A Monster Calls (2016), by J. A. Bayona, deals with both. And it is a punch in the stomach.

It tells the story of a 12-year old boy called Conor O’Malley (beautifully interpreted by Lewis MacDougall) who receives the visit of a yew tree spirit monster when dealing with his single, terminally ill mother (Felicity Jones). The tree monster, which visits him frequently some time after midnight, offers to tell him three mysterious tales that are aimed at helping him in a way he doesn’t know yet. In exchange, the tree monster demands him to tell it a true story about himself after those three tales have been shared.

The amazing special effects that bring this huge tree to life and the simple animations that illustrate the three tales told by the monster are technically impressive, bringing elements of fantasy to a very human family drama.

While we are shaken around throughout the film thinking whether the monster-tree — voiced by Liam Neeson — is really just a product of the little boy’s imagination — a hint is given in the end — we are also gradually immersed in all the darkness of it, in all the pain. The boy’s; the mother’s; the grandmother’s (Sigourney Weaver).
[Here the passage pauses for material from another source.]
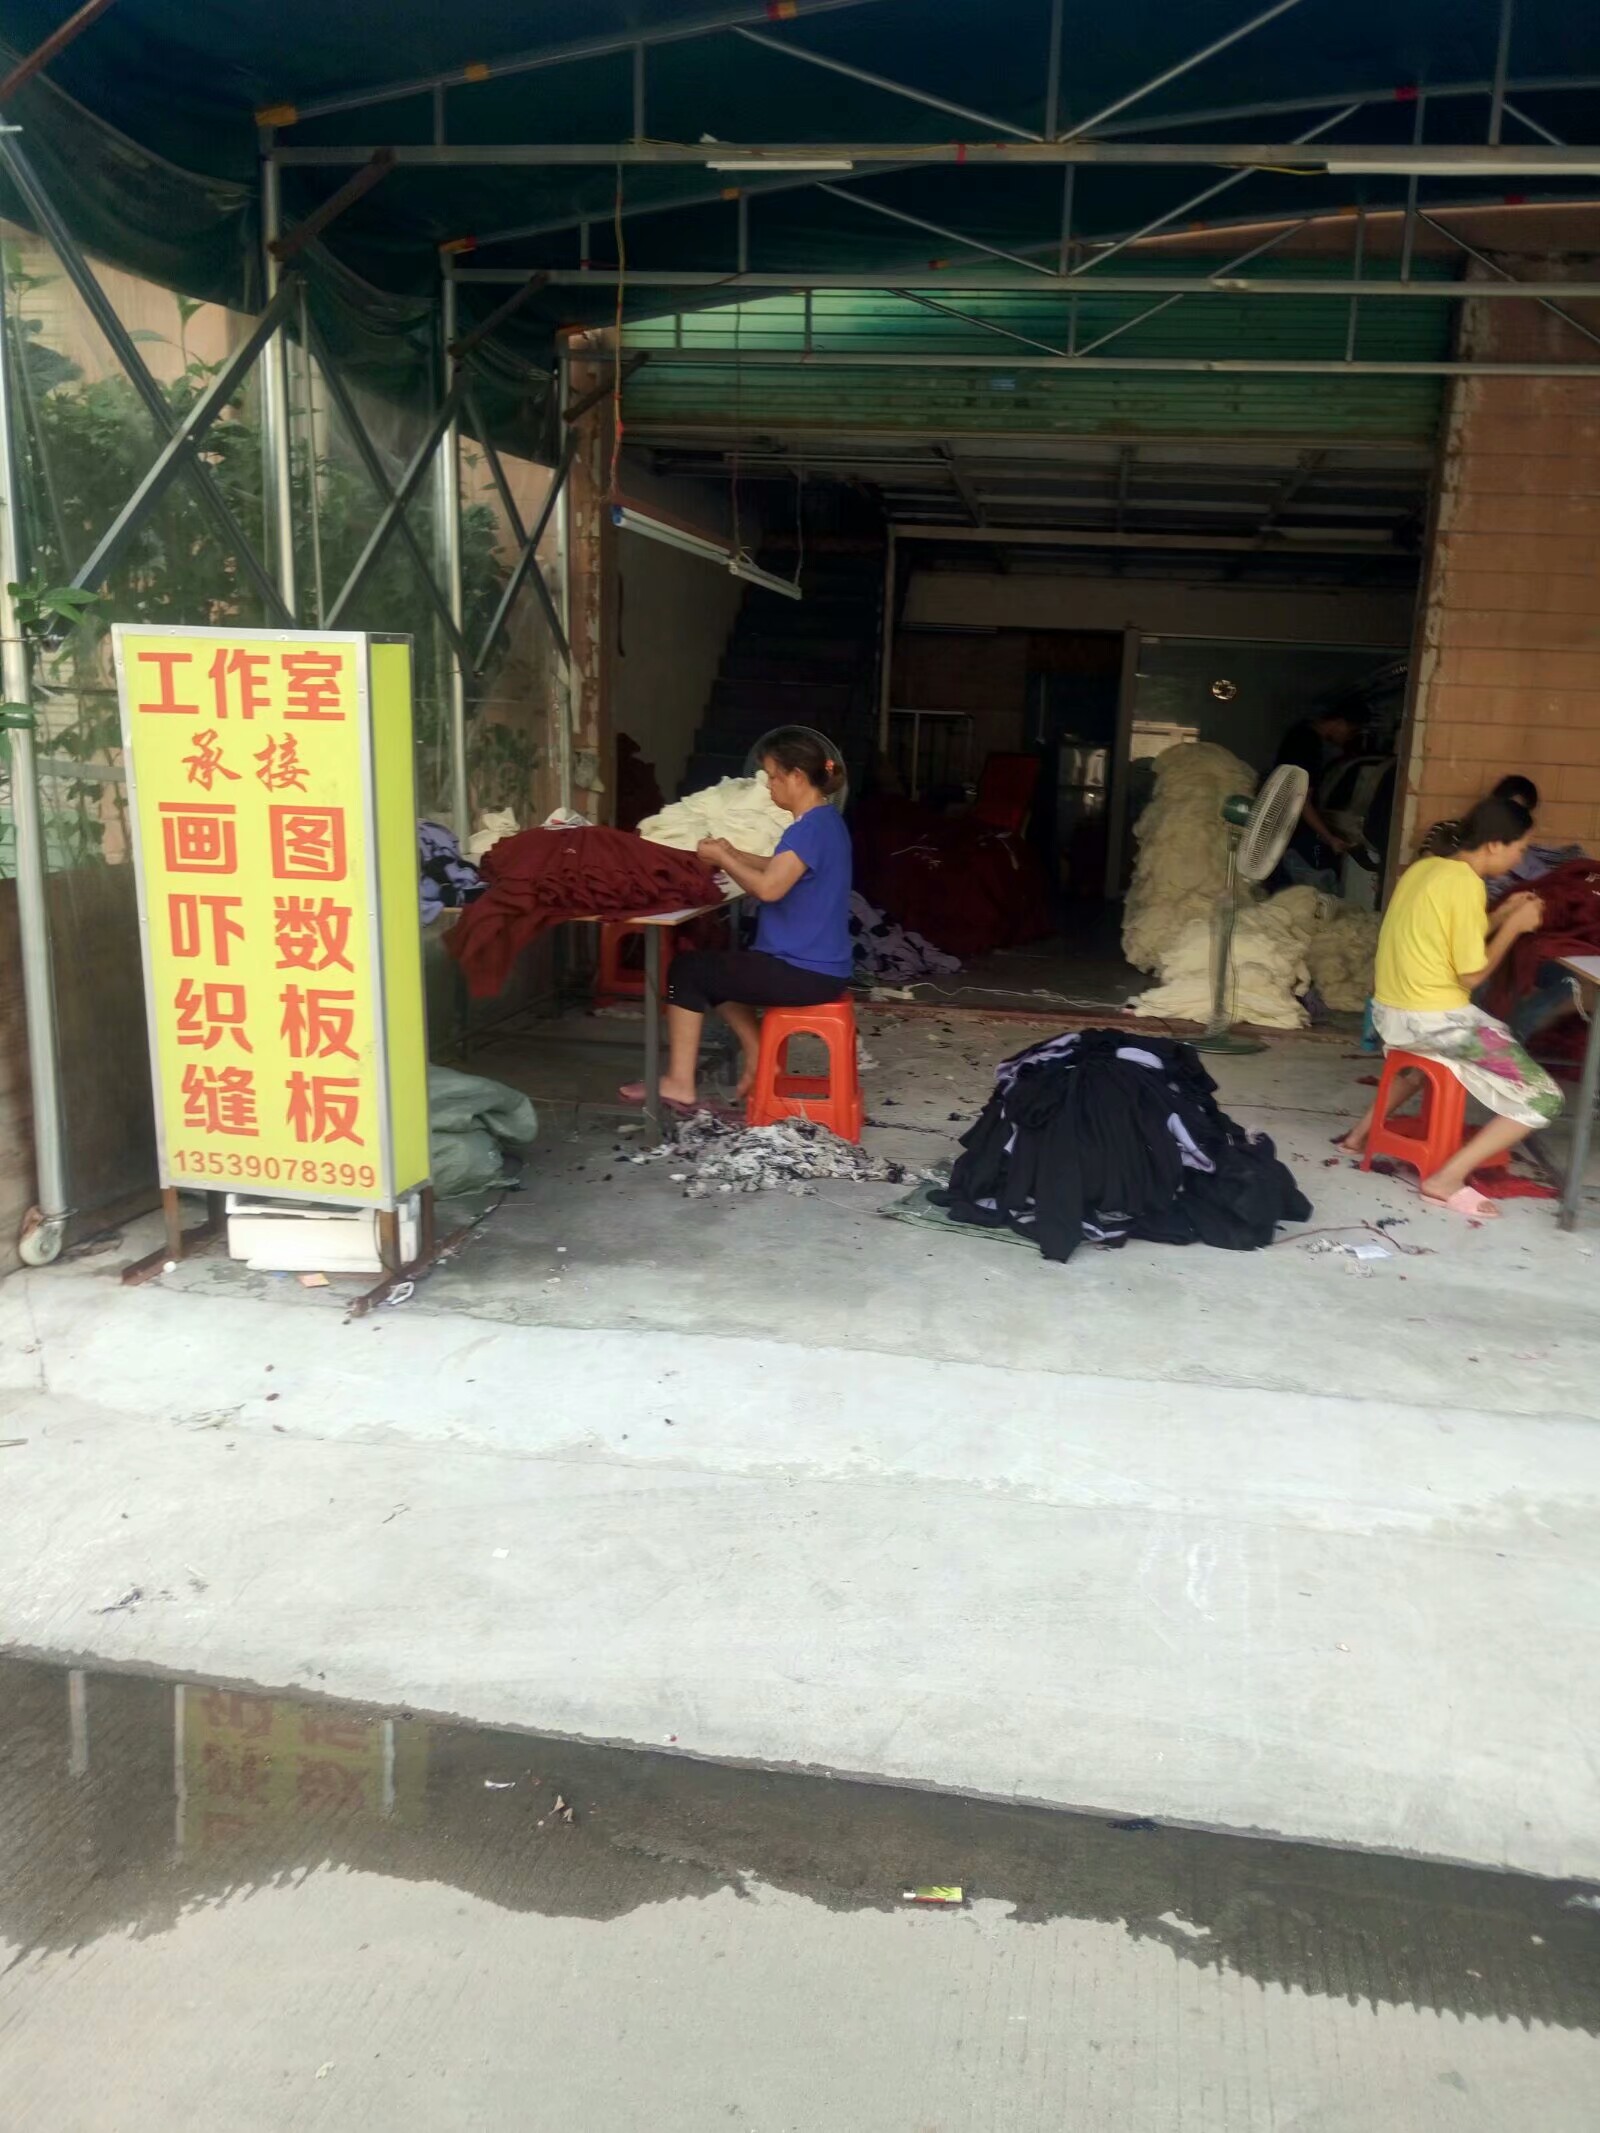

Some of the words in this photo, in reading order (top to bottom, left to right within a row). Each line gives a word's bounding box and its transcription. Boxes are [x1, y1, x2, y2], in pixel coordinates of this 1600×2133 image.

I wouldn’t say this is a masterpiece of cinema. And I must agree with some critics that have argued that maybe the film tries to include too many problems a young man could face — such as being bullied at school or dealing with a father that moved away to start a new family abroad — when the eminent death of a mother would be quite enough. But the film did touched me deeply, violently.

Is it a children’s film? I don’t think so; I think is too frightening. Though it does try to teach an important message to them — to us all, actually: that things are never black and white; that there is not always a good guy, as the tree monster says.

I do not wish to spoil anything, but I must say after watching the film I was not only left crying, but also left unease, uncomfortable, again, as if punched in the stomach. For the truth the monster wants to grab hold of is too complex to grasp, too frightening to admit, and too real to feel.